The Court on Aug. 27 blocked two proposed constitutional amendments, both of whose sponsors collected roughy 150,000 signatures from Arkansas citizens to get on the November ballot.


One, sponsored by Arkansas Voters First, would create an independent legislative redistricting commission to redraw state congressional and legislative districts after each U.S. census. Currently, those lines are drawn by elected officials every 10 years.


The other, sponsored by Open Primaries Arkansas, would place all candidates in the same March or May primary, rather than dividing them into taxpayer-funded Republican and Democratic Party affairs. The top four candidates regardless of party would advance to the November general election, where voters would rank their choices. If no candidate wins a majority, then there’s a process for counting second choices.


These would be major reforms. The first would make it harder for politicians to gerrymander districts by drawing squiggly lines on maps to cherry-pick voters. The second would give voters more options so they aren’t locked into choosing between one Republican and one Democrat in November. We might have more competitive elections instead of most incumbents being unopposed, or practically unopposed, as occurs now.


Once the two efforts gained momentum, the party in power — currently Republicans but if this were 12 years ago it would have been Democrats — sought to stop them at the behest of Sen. Tom Cotton. Human beings naturally don’t want to change the rules of a game they’re winning.

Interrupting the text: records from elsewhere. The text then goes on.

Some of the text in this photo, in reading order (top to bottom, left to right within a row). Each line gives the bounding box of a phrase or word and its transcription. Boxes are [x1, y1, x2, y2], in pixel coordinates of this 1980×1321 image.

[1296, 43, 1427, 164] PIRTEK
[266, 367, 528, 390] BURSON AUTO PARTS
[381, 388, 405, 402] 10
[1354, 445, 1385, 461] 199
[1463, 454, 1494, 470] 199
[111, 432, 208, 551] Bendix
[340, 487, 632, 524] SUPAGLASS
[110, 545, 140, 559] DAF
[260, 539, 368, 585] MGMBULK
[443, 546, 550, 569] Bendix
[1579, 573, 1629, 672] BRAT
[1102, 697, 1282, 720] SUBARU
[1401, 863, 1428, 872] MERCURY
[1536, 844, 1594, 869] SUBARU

Meanwhile, Secretary of State John Thurston said he wouldn’t count the signatures for either initiative because they had certified that signature gatherers had "acquired" criminal background checks when the law says they must "pass" them.


Thurston didn’t just pull that out of a hat. A special master — a person appointed by the court to provide a recommendation — had said the wording was a problem in a Supreme Court case involving another ballot initiative. Then another special master appointed to look at these two initiatives agreed the wording could be a problem. The Supreme Court agreed, voting 6-1 to block the amendments from proceeding.

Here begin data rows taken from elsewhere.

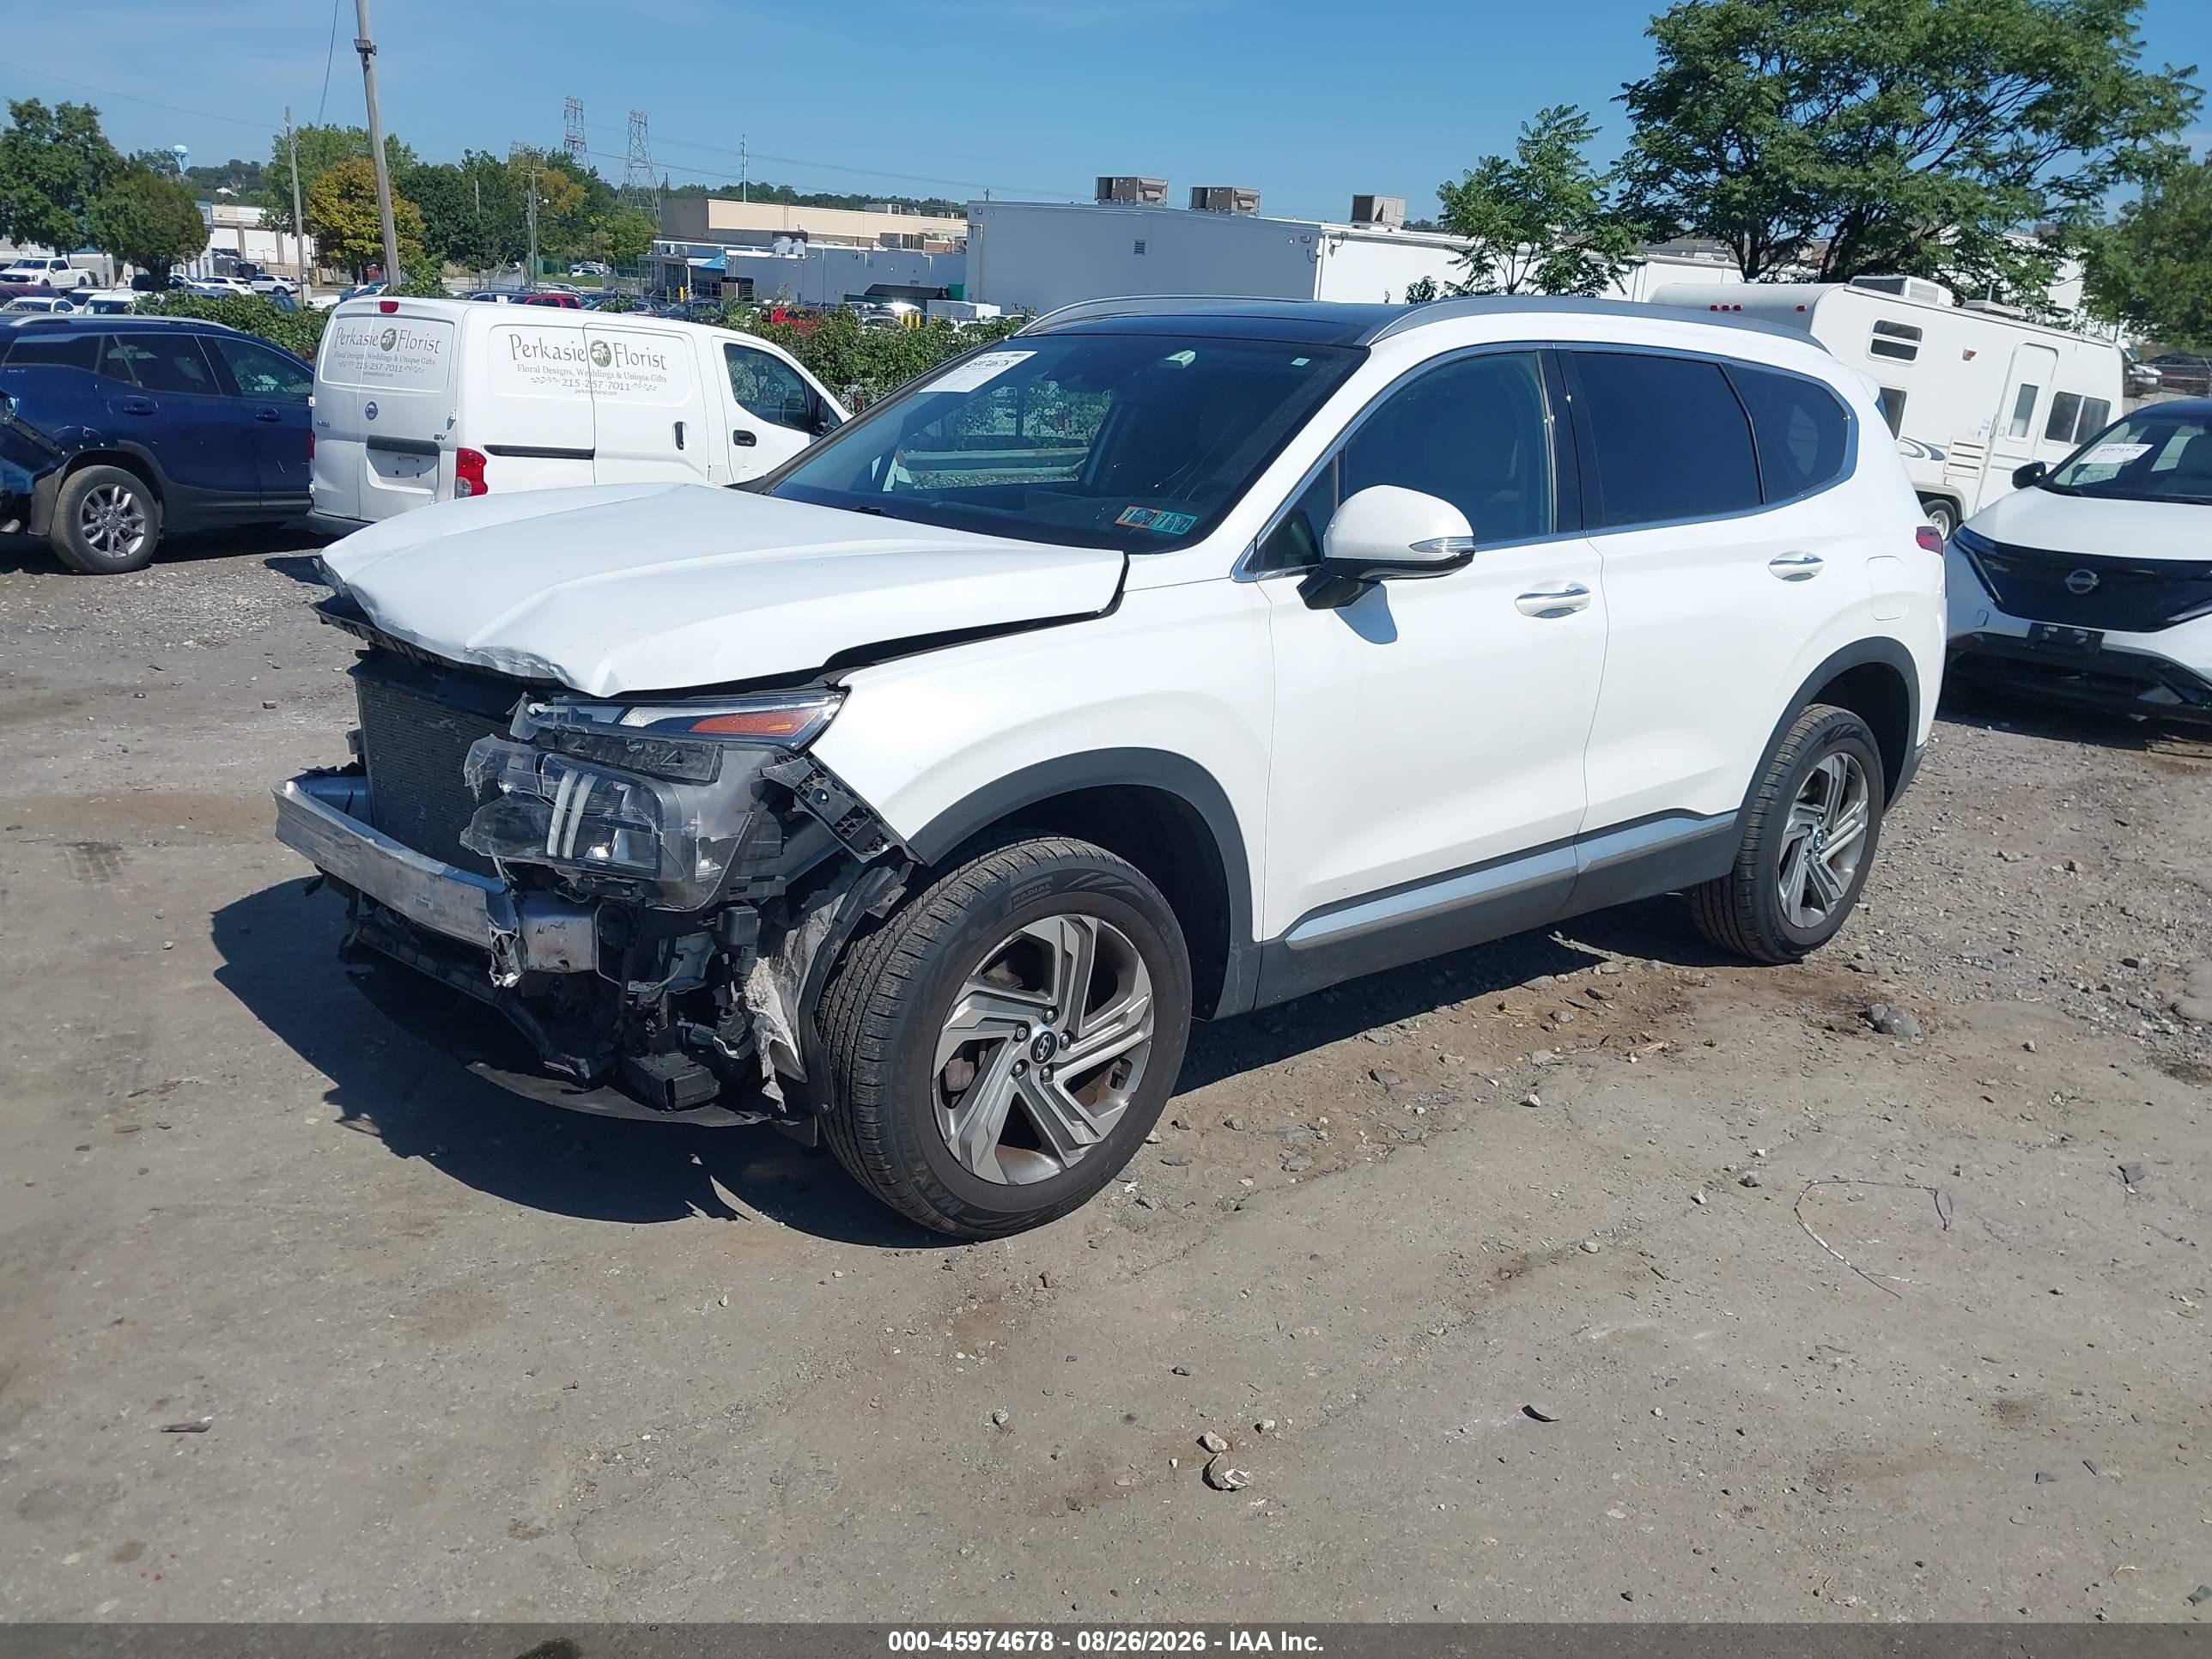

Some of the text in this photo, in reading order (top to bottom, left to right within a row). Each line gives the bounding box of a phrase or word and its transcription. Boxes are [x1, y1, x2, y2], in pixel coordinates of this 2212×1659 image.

[334, 326, 443, 354] Perkasie Florist
[508, 334, 667, 370] Perkasie Florist
[517, 363, 540, 374] Floral
[542, 366, 574, 376] Designs,
[576, 368, 614, 380] Weddings
[624, 372, 649, 382] Unique
[562, 379, 629, 391] 215-257-7011
[1012, 883, 1052, 904] RADIAL

Here’s the thing: If you’re going to thwart the will of 150,000 Arkansans who exercised a constitutional right by signing a petition during a pandemic, you’d better have a good reason. And if the two groups had actually violated a reasonable law so they could let criminals collect signatures, that would be one.

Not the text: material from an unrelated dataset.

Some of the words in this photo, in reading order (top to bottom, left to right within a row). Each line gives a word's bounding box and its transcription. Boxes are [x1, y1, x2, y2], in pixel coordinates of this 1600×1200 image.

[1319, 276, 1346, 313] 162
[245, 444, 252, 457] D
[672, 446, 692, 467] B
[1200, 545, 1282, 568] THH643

However, the law makes it impossible to dot that "i." As pointed out by Justice Jo Hart in her lonely dissent, there’s no such thing as "passing" a background check. The law doesn’t define it. The State Police and Arkansas Crime Information Center merely provide requested information, and they can’t do a check of federal crimes. Really, all the sponsors can do is "acquire" a check, so they would have been committing a crime by swearing otherwise.


Meanwhile, the sponsors presented to the secretary of state sworn affidavits saying the background checks showed none of the signature-gatherers were disqualified. How is that not "passing"?


There’s a reason we have learned Supreme Court justices review laws passed by non-lawyer legislators. When a badly written law conflicts with a 146-year-old constitutional principle — "the people reserve to themselves the power to propose … amendments" — the justices are supposed to side with the principle and declare the law unconstitutional.


Instead, they nitpicked, demanded obedience to a law that can’t be obeyed, and ignored the constitutional principle.


The groups have petitioned the Arkansas Supreme Court for a rehearing, which is unlikely. Then Arkansas Voters First on Tuesday filed suit in federal court. A favorable ruling could get both proposals on the ballot.


If that happens, we can debate whether they are the best ways to address the electoral system’s problems. Something needs to be done because the process is broken, and electing one party rather than the other will not fix it.


As voters, we should focus not only on specific issues but also our primary responsibility — to ensure politicians don’t get too comfortable, which will happen if they can cherry-pick voters and skate through elections where people don’t have choices.